Stored data entries
Content starts
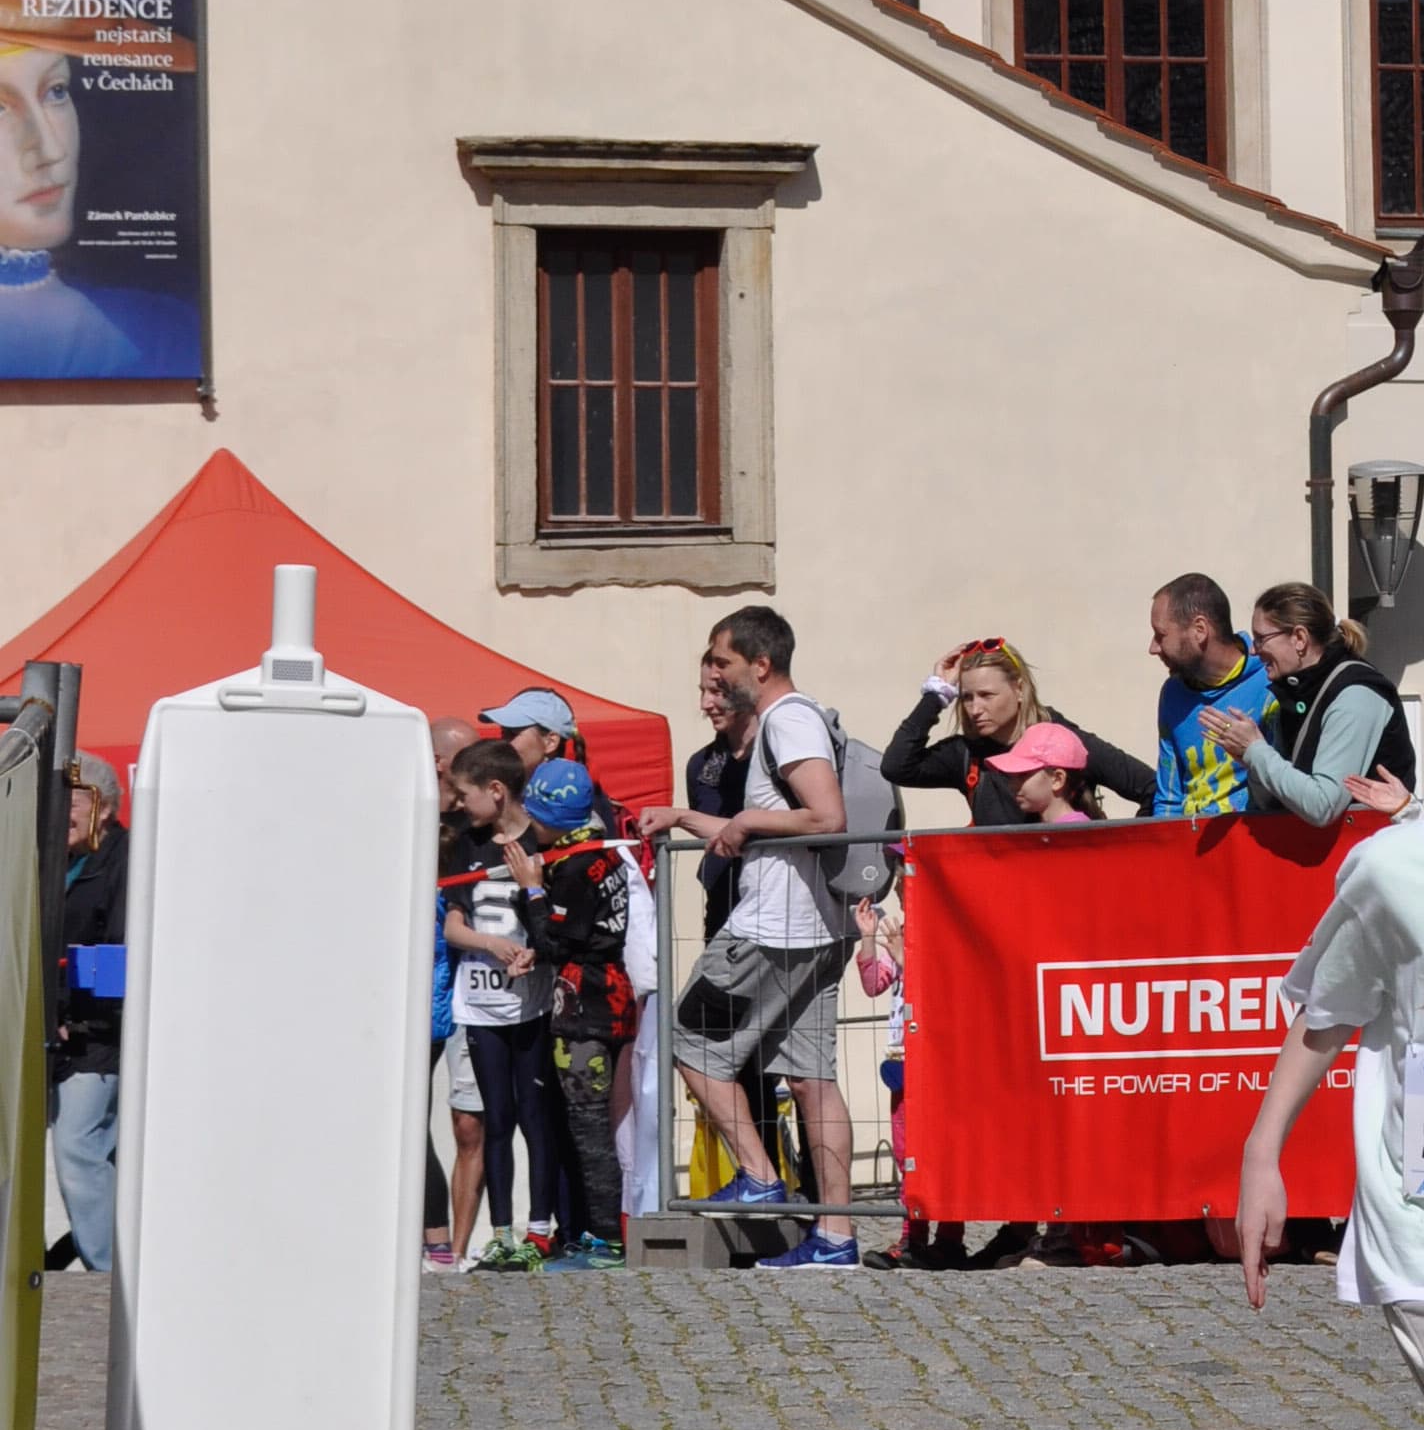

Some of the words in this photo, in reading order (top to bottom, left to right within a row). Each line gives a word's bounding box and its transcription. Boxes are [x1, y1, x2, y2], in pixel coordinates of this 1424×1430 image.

[95, 26, 173, 45] nejstarší
[82, 54, 174, 67] renesance
[82, 77, 94, 90] v
[97, 71, 174, 91] Čechách
[1060, 976, 1303, 1036] NUTREN
[1049, 1076, 1095, 1096] THE
[1104, 1073, 1191, 1095] POWER
[1200, 1072, 1231, 1092] OF
Content ends
**PROBLEM TO WORK ON**.
The images are to be left out; every line above should be set down exactly.

**RESULT OF THIS EXERCISE**.
Some of the words in this photo, in reading order (top to bottom, left to right within a row). Each line gives a word's bounding box and its transcription. Boxes are [x1, y1, x2, y2], in pixel coordinates of this 1424×1430 image.

[95, 26, 173, 45] nejstarší
[82, 54, 174, 67] renesance
[82, 77, 94, 90] v
[97, 71, 174, 91] Čechách
[1060, 976, 1303, 1036] NUTREN
[1049, 1076, 1095, 1096] THE
[1104, 1073, 1191, 1095] POWER
[1200, 1072, 1231, 1092] OF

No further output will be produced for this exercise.